A fetus is not legally a person until it is born, the hospital's lawyers have claimed in its defense. And now it may be up to the state's Supreme Court to decide.
Lori Stodghill was 28 weeks pregnant when she went to the emergency room of St. Thomas More Hospital in Canon City vomiting and short of breath, according to a court document.
She went into cardiac arrest in the lobby.
"Lori looked up at me, and then her head went down on her chest," said her husband, Jeremy Stodghill.
Before and after Roe v. Wade
She died at age 31. Her unborn twin boys perished with her. That was New Year's Day 2006.
Stodghill, left behind to raise their then-2-year-old daughter alone, sued the hospital and its owner, Catholic Health Initiatives, for the wrongful deaths of all three.
After about two years of litigation, defense attorneys for the hospital and doctors entered an argument that shocked the widower.
They said that under state law, an embryo is not person until it is born alive, according to court documents. The Stodghills' twins were deceased when they were removed from their mother's lifeless body.
Representatives of the Catholic bishops of Colorado declined to comment on the legal proceedings, but said they will review the litigation and Catholic Health Initiatives' practices "to ensure fidelity and faithful witness to the teachings of the Catholic Church."
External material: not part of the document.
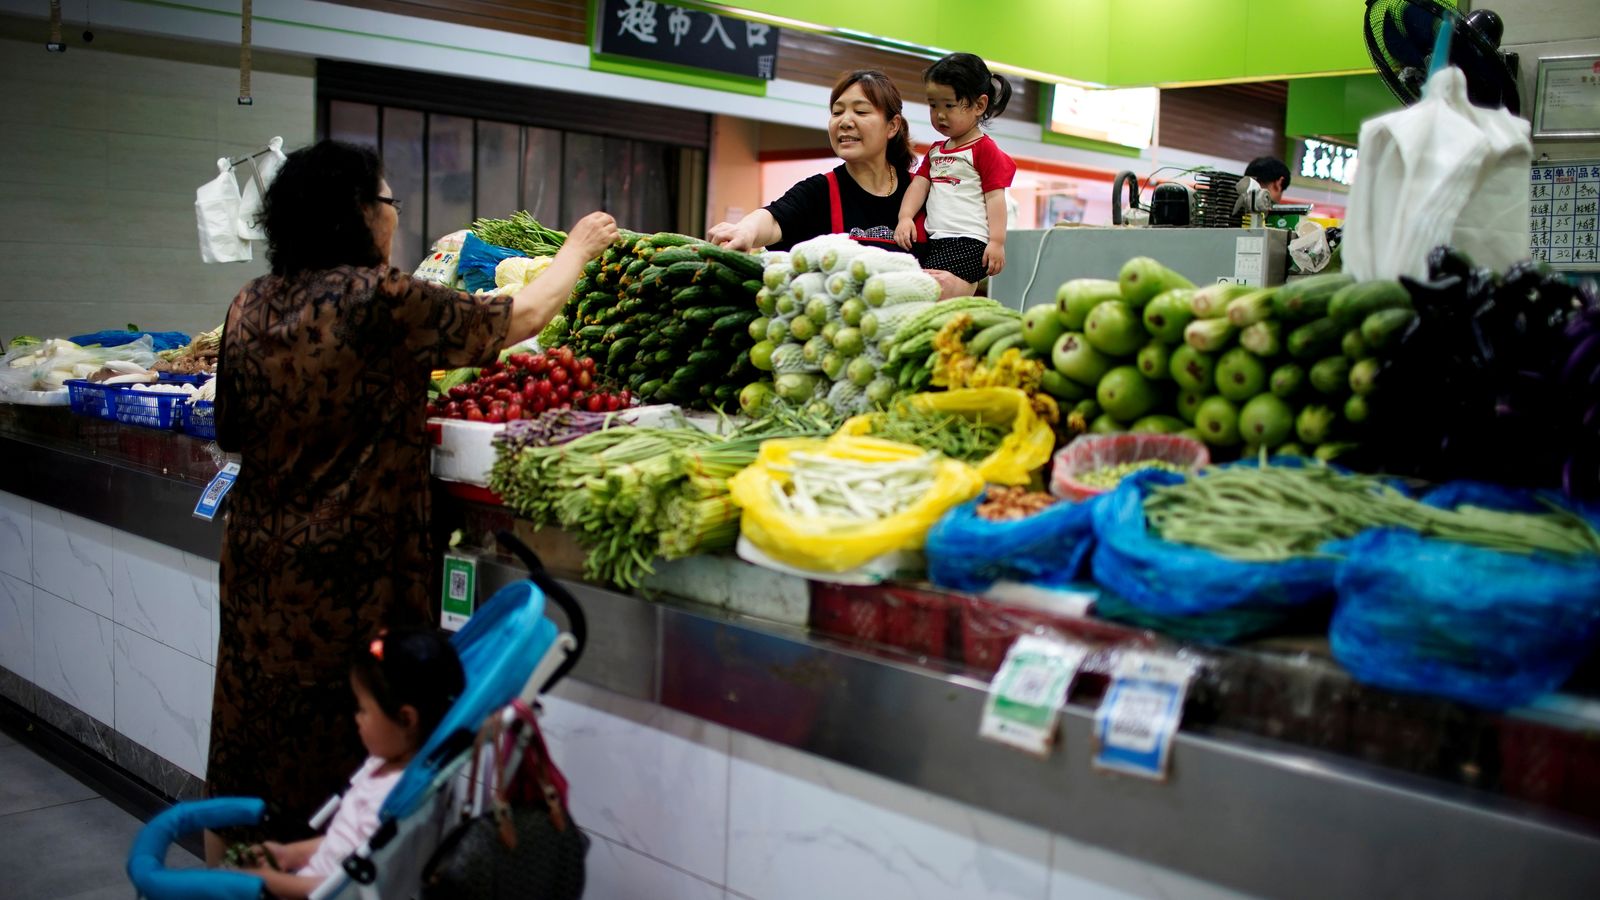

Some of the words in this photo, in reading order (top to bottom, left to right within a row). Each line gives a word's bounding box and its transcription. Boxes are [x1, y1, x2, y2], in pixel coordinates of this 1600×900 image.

Catholic Health Initiatives would not speak to CNN on camera, but said in a statement, "In this case... as Catholic organizations, (we) are in union with the moral teachings of the Church."
www.cnn.com/2013/01/26/us/colorado-fetus-lawsuit/index.html
This sort of blows the "fetal homicide" laws out the window where it is claimed that the crime is the "murder of the fetus" when the "Church" in turn argues that prior to birth murder cannot occur because the preborn are not persons. The "Church" cannot argue that it is only a "wrongful death" if someone else is responsible for the death of a fetus and not an organization (e.g. hospital) of the Church.